ー 技術顧問を引き受けてくださった経緯を教えていただけますか?

Matz:VASILY(2017年10月 ZOZOグループにM&A)の頃に、社員から「技術顧問になってもらえませんか」と、声を掛けられたのがきっかけです。

当時、Rubyを作っている立場として、実際に使っている人との距離があるのを感じていました。自社サービスを提供しているVASILYなら、Rubyをどう使っていて、どこが使いにくい、というような意見も聞けるのではないかと思い、引き受けようと決めました。

VASILYは自分が初めて技術顧問を引き受けた会社ですが、その時に自分自身に対して決めたルールは、“自社サービスを提供する会社”であること。どのようなサービスを提供し、どのような技術を使うかを自分たちで決め、開発している会社と話がしたいと思いました。そういった意味では、VASILYやZOZOは条件にも合っていますし、ファッションという領域は自分が知らない分野でもあるので、面白そうだと感じました。

岸川:自分も、社員の方に誘われたのがきっかけです。その方とはかれこれ4〜5年の付き合いになります。フルタイムの仕事があることもあり、これまでも積極的に技術顧問の仕事を増やしているわけではありませんでした。

しかし、熱心に依頼をされたこともあり、少しでも役に立てるのであればという思いで引き受けました。

ー ZOZOテクノロジーズの社員と実際に関わってみて感じることはありますか?

岸川:もう少し自由にチーム作りをやってみても良いのでは、と感じる部分がありますね。入る前から“こういうチームにしたい”というビジョンは聞いていて、そのために1つ1つこだわりていねいに取り組んでいるように感じます。

当事者のエンジニアが自信を持てていない瞬間もあると思うので、「そのやり方は間違ってない」「今のフェーズならその技術の選択はあり、なし」という、背中を押すようなアドバイスをしながら、役に立っていきたいです。

松田:良い意味で、若くて野心のある会社という印象です。良いものをどんどん取り入れようとする気持ちが強く、伸びしろがあります。

やる気がある人がジョインすれば、さらに活躍できる風土があるので、その良さを活かしたサポートがしたいと感じています。

ー 今後、技術顧問としてどのようにZOZOテクノロジーズに関わってくださるのでしょうか?

Matz:技術顧問なので、直接ZOZOグループのソフトウェア開発をするわけではなく、開発エンジニアと話をしながら、彼らの知らないことを教えてあげたり、モチベーションをあげたりという手伝いができたらいいなと思っています。
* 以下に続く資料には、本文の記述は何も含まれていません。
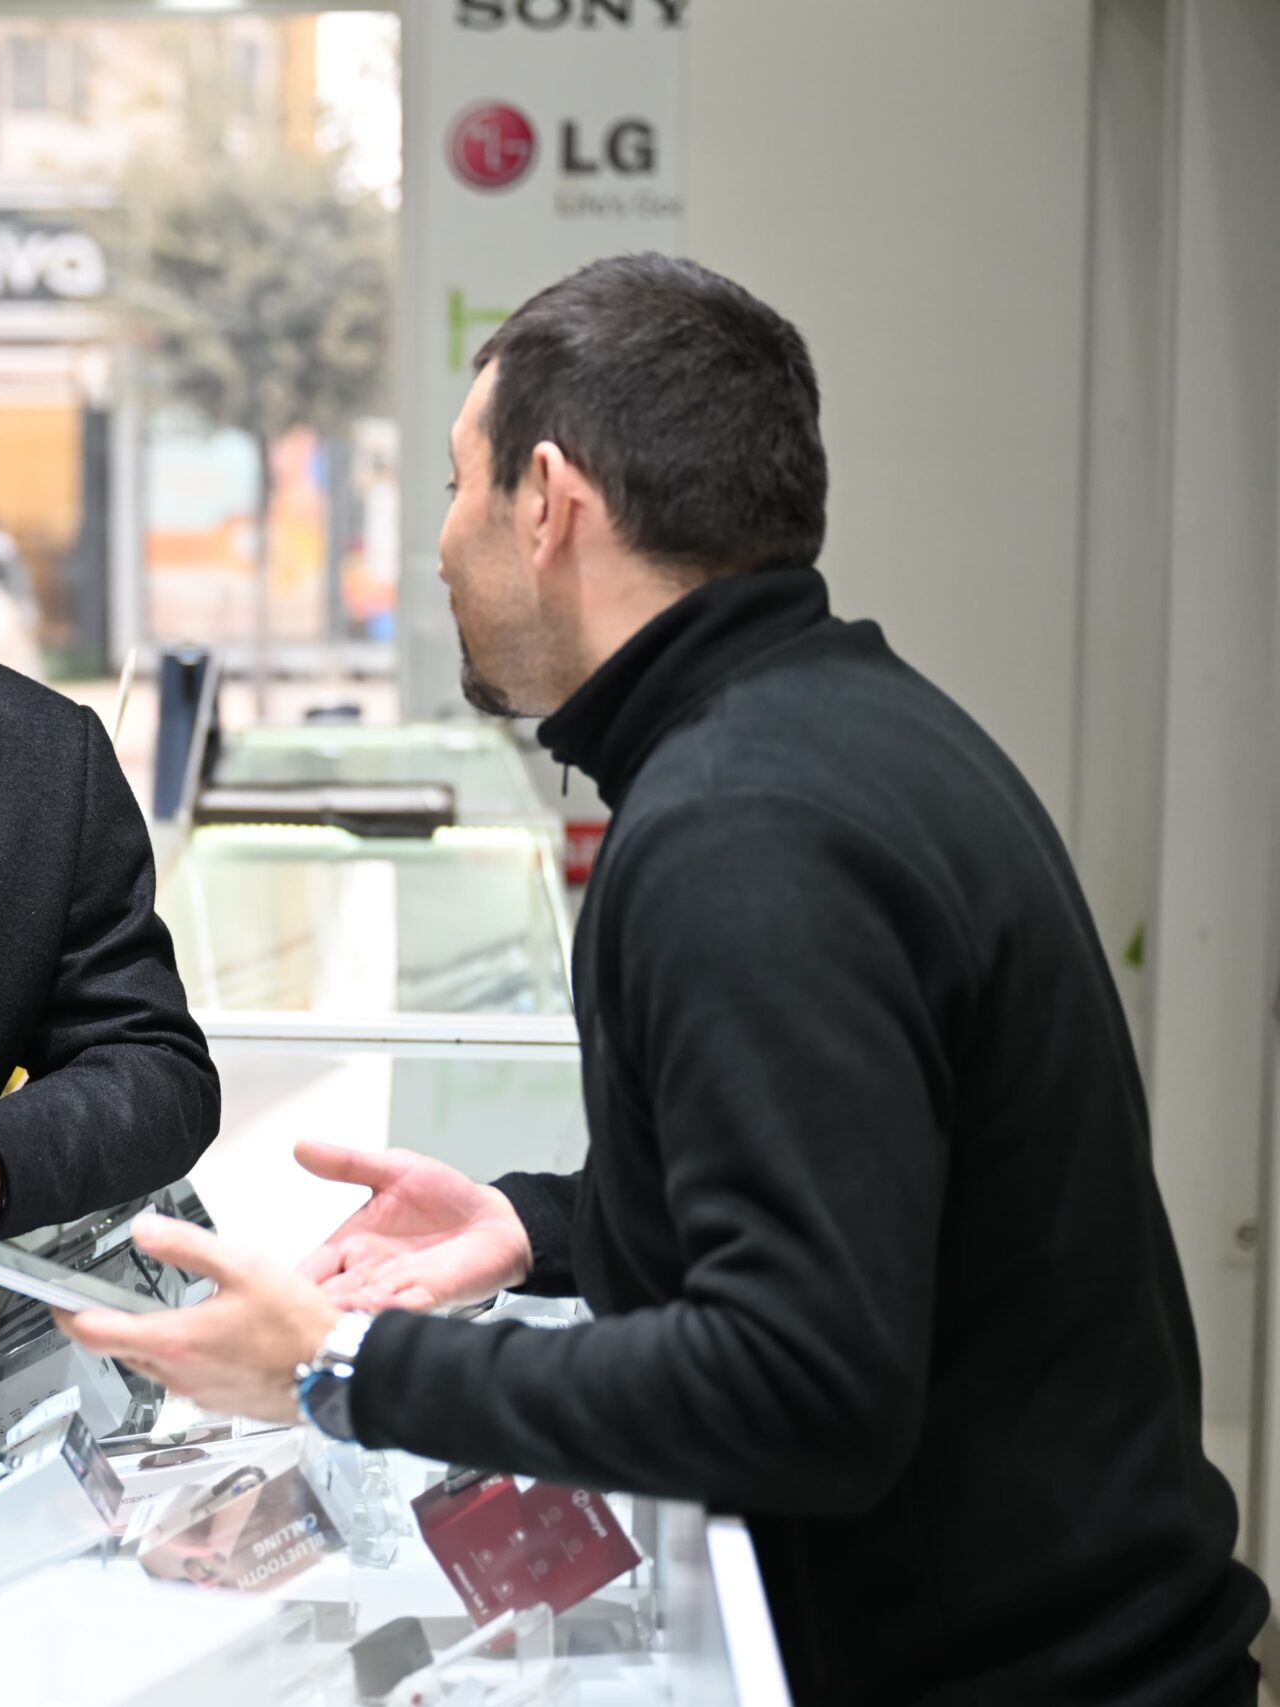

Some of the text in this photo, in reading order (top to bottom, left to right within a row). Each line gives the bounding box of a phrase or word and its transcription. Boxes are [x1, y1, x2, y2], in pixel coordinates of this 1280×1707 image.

[456, 0, 688, 31] SONY
[561, 116, 659, 175] LG
[236, 1531, 326, 1590] BLUETOOTH
[252, 1512, 317, 1559] CALLING
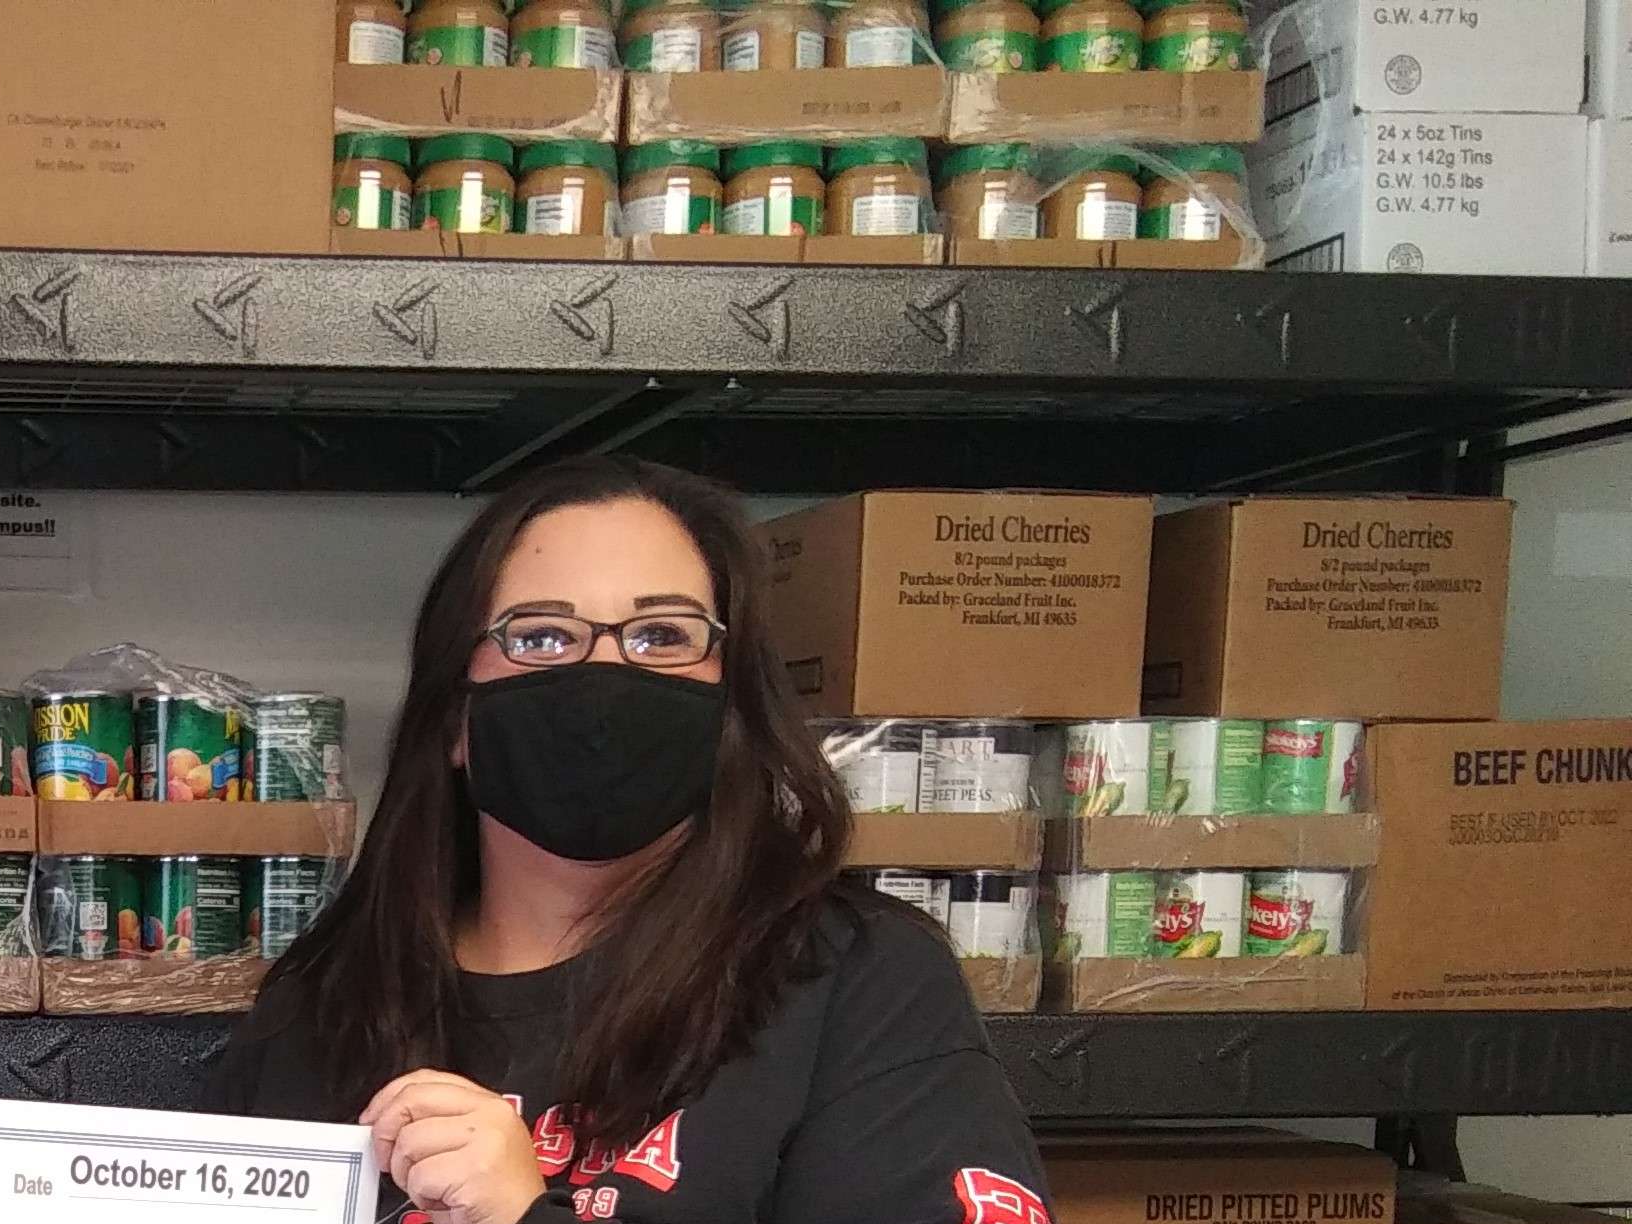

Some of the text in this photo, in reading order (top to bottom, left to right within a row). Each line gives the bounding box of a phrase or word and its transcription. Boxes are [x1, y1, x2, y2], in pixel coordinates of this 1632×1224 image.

[1373, 8, 1478, 28] G.W. 4.77 kg
[1377, 125, 1482, 141] 24 x 5oz Tins
[1377, 149, 1493, 169] 24 x 142g Tins
[1376, 173, 1483, 189] G.W. 10.5 lbs
[1376, 196, 1479, 217] G.W. 4.77 kg
[0, 493, 41, 508] site.
[935, 515, 1091, 545] Dried Cherries
[1303, 522, 1454, 550] Dried Cherries
[955, 552, 1066, 571] 8/2 pound packages
[1342, 558, 1378, 576] pound
[1381, 559, 1430, 576] packages
[900, 572, 954, 587] Purchase
[956, 572, 992, 587] Order
[994, 573, 1046, 588] Number:
[899, 591, 940, 605] Packed
[963, 592, 1022, 607] Graceland
[1024, 593, 1053, 608] Fruit
[1056, 594, 1077, 608] Inc.
[1023, 611, 1040, 626] MI
[1454, 750, 1527, 786] BEEF
[13, 1154, 310, 1199] Date October 16, 2020
[1146, 1192, 1385, 1221] DRIED PITTED PLUMS
本を読めば「この機能はこう働きます」「こうやって使います」ということは書いてありますが、なぜそれを導入したのか、なぜこうなっているか、ということは書いていないので、そのあたりを説明できるのは私の強みだと思っています。

大切なのは、とにかく書くこと

ー エンジニアとして大事にしている考え方があれば教えてください。

松田:とにかくコードを書くということです。「コードを書く」というのはもちろんオープンソース的な意味で、ですね。「現場の今ある課題をきちんとオープンなコードで解決する」というのは日頃から考えてます。かれこれ10年くらいは発表の度に同じことを言い続けてる感じです。

このへんの考え方は、Ruby界の先輩方の影響が大きいように思います。特にまつもとさんですね。こんなやり方で世界を変えた日本人は、他には居ませんよね。

岸川:最終的にソースコードを公開するというのはとても大切だと考えています。エンジニアリングで大事なことはたくさんありますが、どう書くかという所に、結局1番違いが出ます。良いコードは良いコードとして存在するので、どんどん書いて小さなものからオープンにしていくことが大切だと考えています。私自身は、ソフトウェアは最終的にオープンソースになって完成するのではないかという原理主義的な考えを持っています。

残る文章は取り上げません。